Estamos enfrentados al dilema de expulsar, enrolar o regularizar a los casi 200.000 migrantes que se encuentran de manera ilegal en nuestro territorio. En total, se puede estimar que ya alcanzamos la cifra de 1.800.000 personas (10% de la población del país) que han entrado al país en los últimos 25 años con ánimo de radicarse en busca de mejores oportunidades.
El país no estaba preparado para esta ola migratoria. Carecíamos de una política migratoria moderna y nos vimos obligados a improvisar hasta que la situación se convirtió en una crisis. Hoy, todos rasgan vestiduras y cada cual propone medidas más extremas para ganar el apoyo político del 88% de chilenos que afirman que la cantidad de extranjeros es excesiva (Encuesta Nacional Bicentenario UC). Pero ¿cuál sería la cantidad aceptable? Este debate parece carecer de respuestas claras y sensatas.
Lamentablemente, la Encuesta Nacional Bicentenario UC – 2024 tiene un sesgo antiinmigrante al no proporcionar puntos de comparación. Por ejemplo, se pregunta «¿Cuánto temor siente al caminar por un lugar de la ciudad donde viven migrantes?» Una encuesta académicamente rigurosa habría formulado la misma pregunta considerando también barrios exclusivamente habitados por chilenos. Esto revelaría si el temor es producto de prejuicios o de realidades compartidas por todos los contextos.
La expulsión de migrantes ilegales puede sonar atractiva para algunos oídos, pero es una solución tan irreal como ineficaz. Chile no cuenta con las capacidades institucionales ni los recursos económicos para implementarla. Además, en el caso de Venezuela, las relaciones diplomáticas inexistentes y la falta de fronteras compartidas hacen de esta opción un callejón sin salida. El camino de la expulsión masiva es el camino de la demagogia, que no resolverá la situación y dejará en el limbo a miles de personas viviendo al margen de la institucionalidad y las leyes.
El registro biométrico es una herramienta necesaria y eficaz en este contexto. Tiene sus raíces en los registros de la Iglesia Católica y se consolidó con la secularización del siglo XIX. En 1884 se creó el Servicio de Registro Civil e Identificación y, en 1924, mediante el Decreto Ley N°26, se estableció el servicio obligatorio de identificación personal mediante la cédula de identidad.

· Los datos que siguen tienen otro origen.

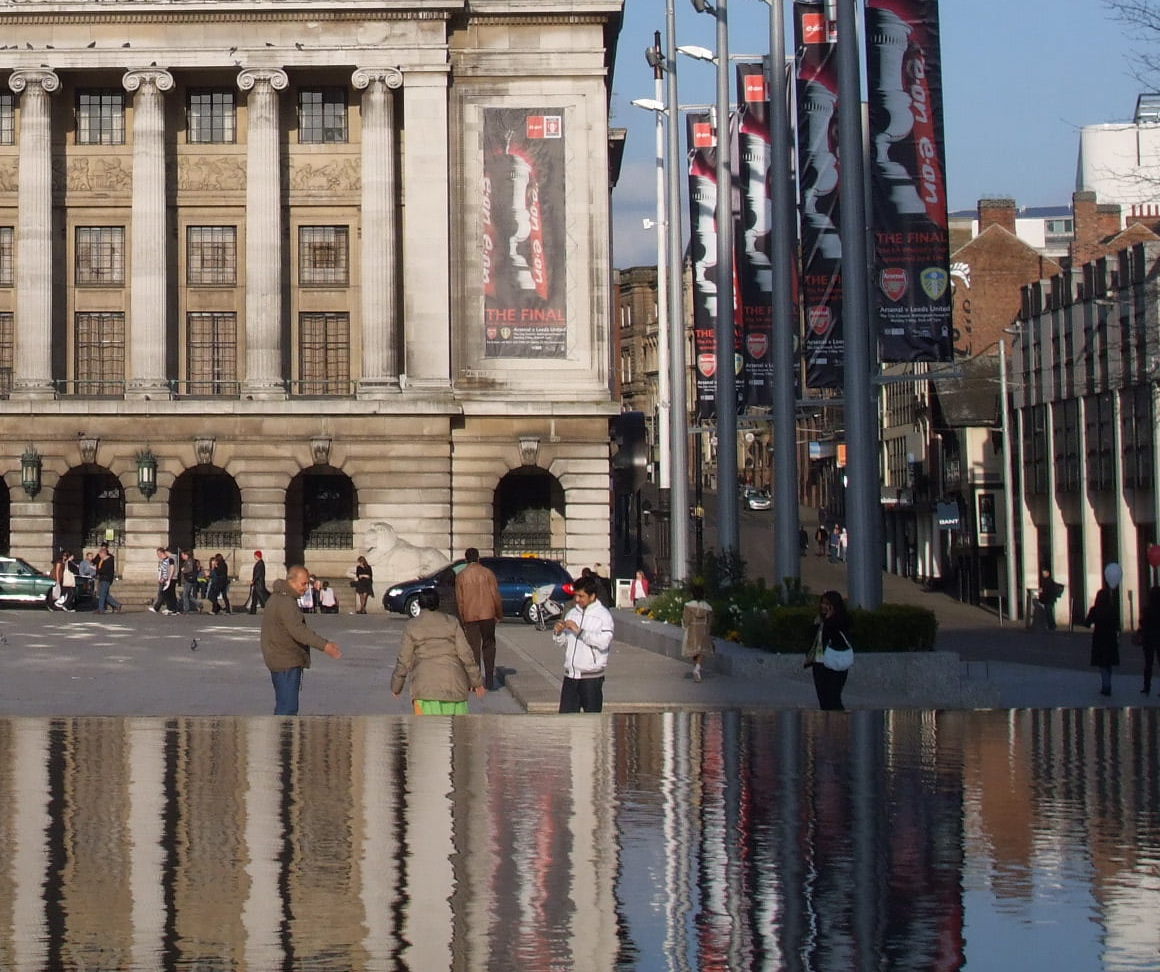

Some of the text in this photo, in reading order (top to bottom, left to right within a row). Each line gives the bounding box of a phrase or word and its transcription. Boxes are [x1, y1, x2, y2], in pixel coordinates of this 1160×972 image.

[877, 231, 947, 244] THE FINAL
[805, 275, 828, 285] THE
[486, 308, 566, 321] THE FINAL
[745, 306, 765, 314] THE
[695, 330, 715, 338] THE

Hoy, ningún chileno cuestiona el hecho de que al nacer se nos inscriba y tomen nuestras huellas dactilares o que nuestra cédula de identidad incluya datos biométricos.

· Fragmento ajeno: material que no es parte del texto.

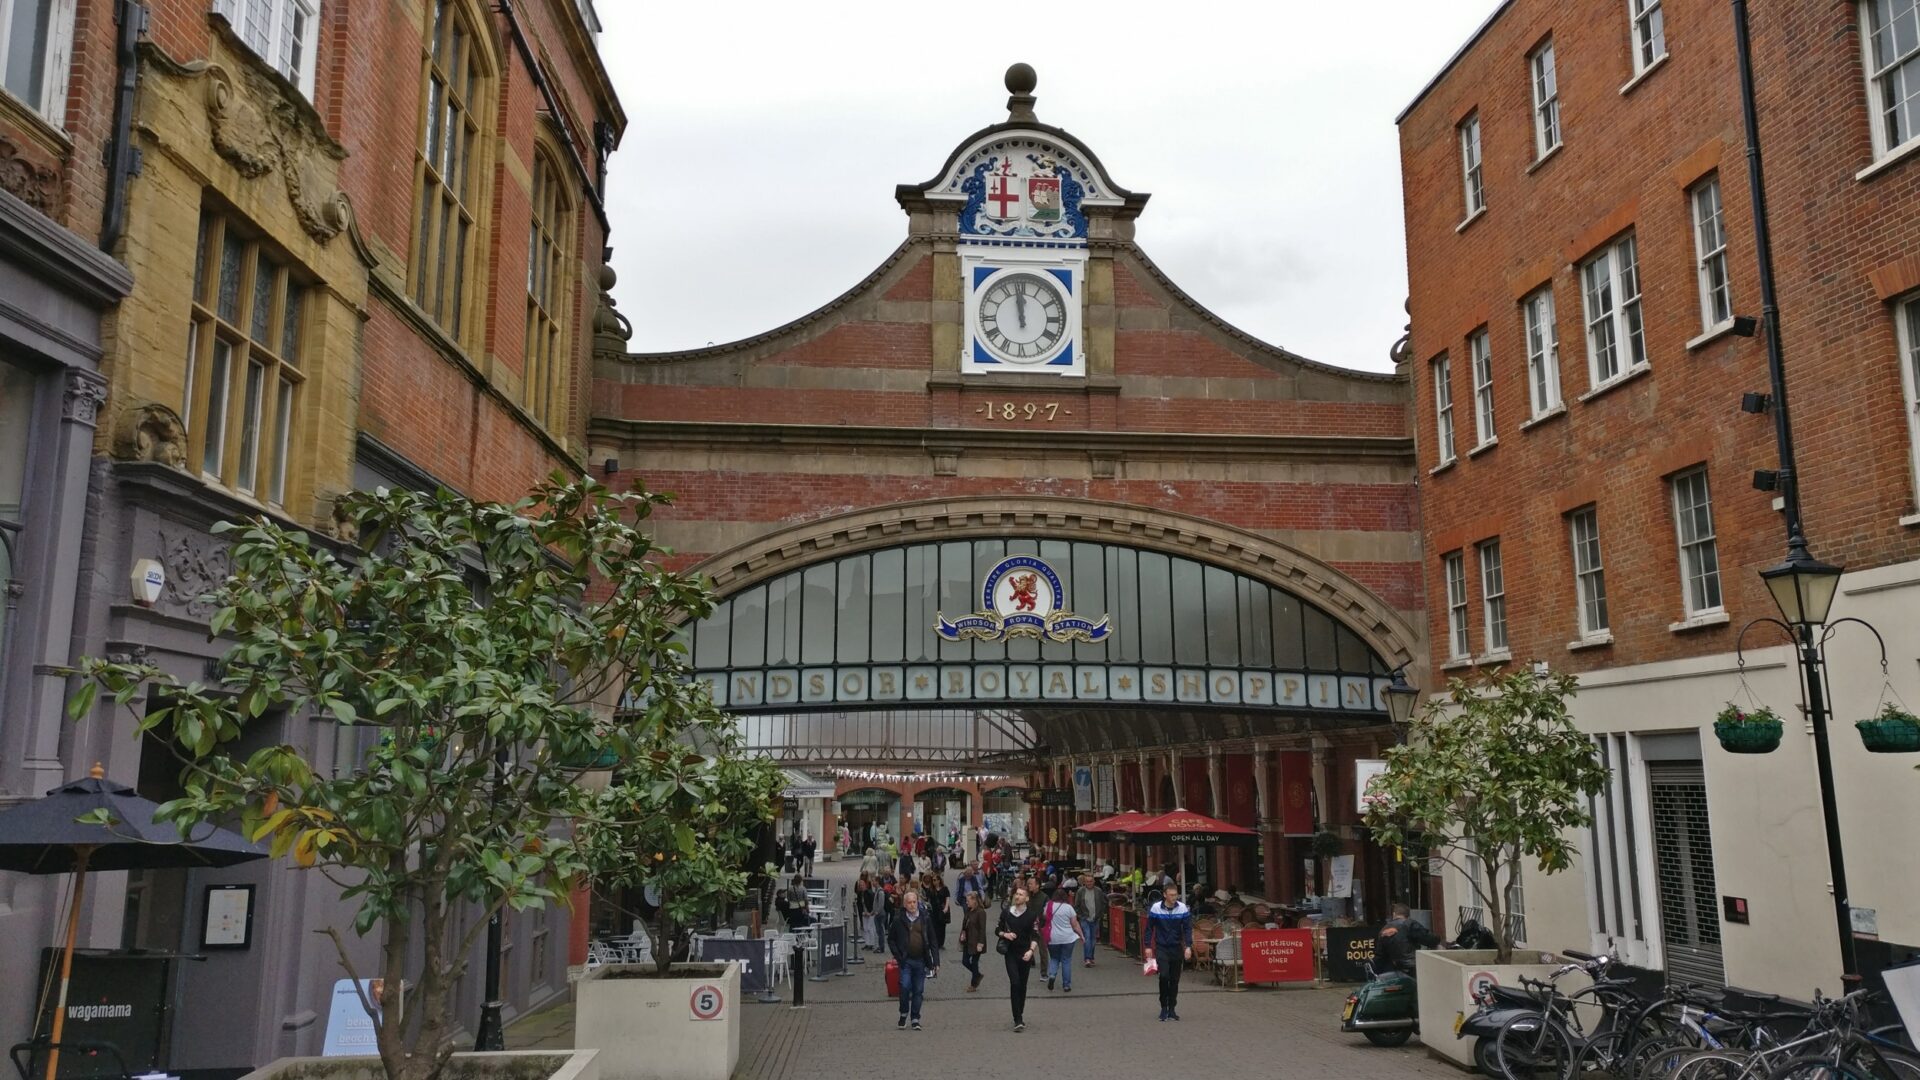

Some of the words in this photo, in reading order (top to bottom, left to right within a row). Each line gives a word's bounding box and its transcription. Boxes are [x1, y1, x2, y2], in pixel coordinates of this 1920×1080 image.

Por ello, toda persona que ingrese a Chile sea cual sea su calidad (trabajo, estudio, turista o ilegal), deberá someterse al registro biométrico. Quien se niegue no deberá ser admitido, y si su entrada fue ilegal y se niega, esto será motivo suficiente para su expulsión inmediata o su confinamiento en un recinto no carcelario.
La política migratoria debe estar anclada en la responsabilidad y la realidad. No puede haber regularización para quienes tengan procesos abiertos o condenas en otros países o hayan delinquido en territorio nacional. Si nos concentramos en este grupo para expulsar o confinar, la presión política sobre los migrantes y la política migratoria se reducirá significativamente.
No debemos olvidar que los migrantes, al igual que los connacionales, son personas con rostro humano. Tratar a alguien sólo como un número o una estadística es deshumanizar la política pública. De esta deshumanización a la discriminación y la violencia hay solo un paso.
No se trata de chilenos contra extranjeros, sino de diseñar una política pública que aborde y enfrente este desafío de manera responsable y humana. Esto requiere una visión de Estado, coordinada con otros países de América Latina, porque los procesos migratorios a gran escala en el siglo XXI llegaron para quedarse.